A cholesterol-rich microemulsion (LDE) that binds to low-density lipoprotein (LDL) receptors is selectively taken up by malignant cells that overexpress those receptors and may be used as vehicle for antineoplastic agents. This study aimed to develop the association of etoposide with LDE. It was firstly observed that etoposide poorly associates with the microemulsion, therefore the experiments were performed with a lipophilic fatty acid derivative of the drug. The association of etoposide oleate with LDE was almost 100% and was tested for physical and chemical stability, as well as for cellular uptake, toxicity in mice and cytotoxic activity against a neoplastic cell line (NCI-H292). Uptake and cytotoxic activity of LDE-etoposide oleate by NCI-H292 cells was mediated by LDL receptors. The anti-proliferative activity of LDE-etoposide oleate against the neoplastic cells was smaller than that of etoposide oleate (IC50 (drug concentration required to inhibit 50% of the cell growth) = 0.48 and 0.19 mM, respectively). This difference, however, can be ascribed to the activity of the commercially used vehicle and not the drug itself because when this vehicle was added to the cultures with LDE-etoposide oleate, the IC50 decreased.
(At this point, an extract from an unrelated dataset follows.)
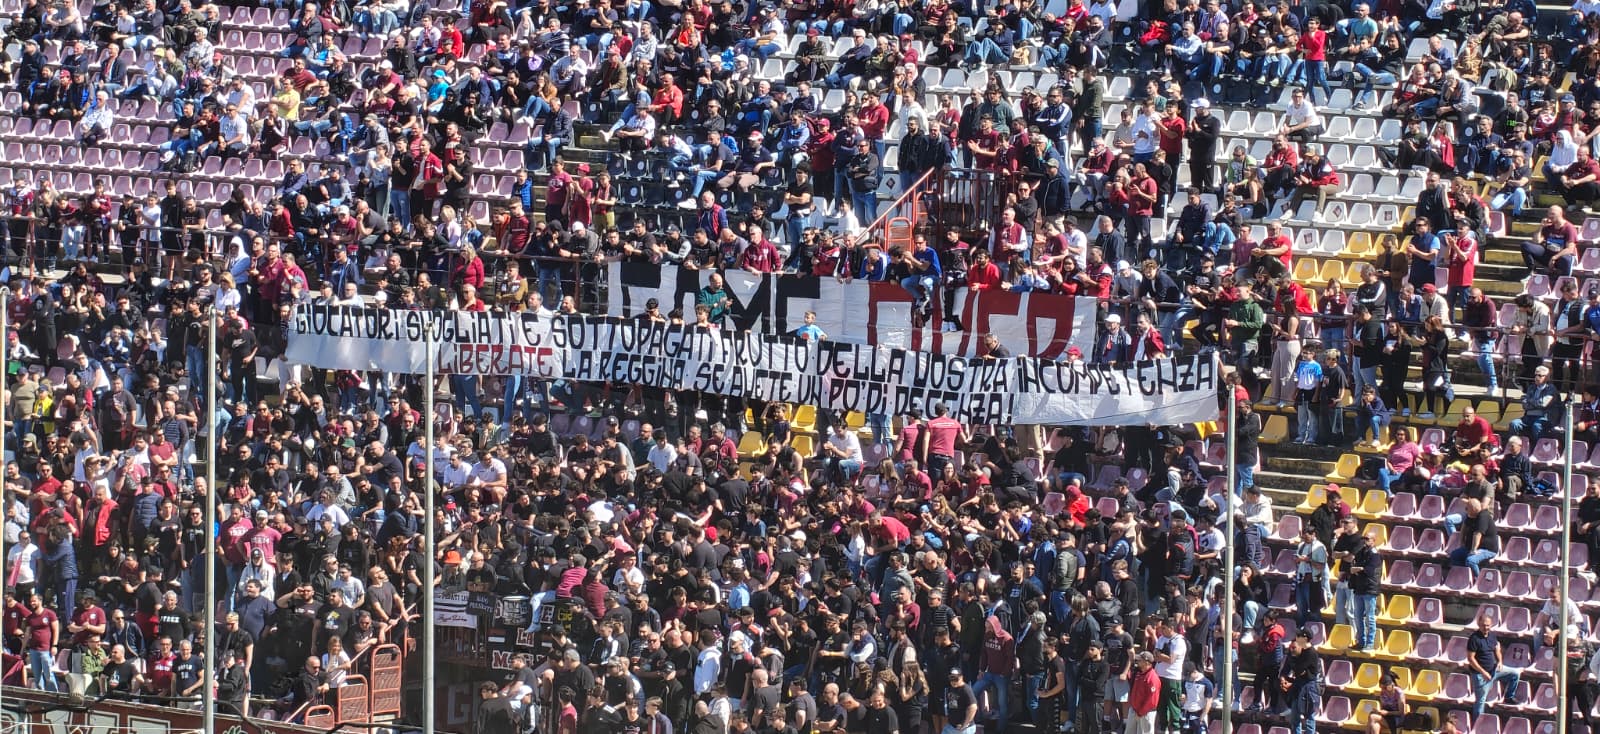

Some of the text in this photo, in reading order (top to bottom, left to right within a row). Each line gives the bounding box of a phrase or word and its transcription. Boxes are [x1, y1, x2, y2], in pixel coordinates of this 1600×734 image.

On the other hand, the tolerability of LDE-etoposide oleate to mice was remarkable, such that its lethal dose (LD50) was about five-fold that of the commercial formulation (LD50 = 315 and 58 mg kg(-1), respectively). In conclusion, LDE-etoposide oleate association is stable and the cytostatic activity of the drug is preserved while its toxicity to animals is small. By diminishing the side effects and directing etoposide to neoplastic tissues, LDE may be regarded as an advance in chemotherapy with this drug.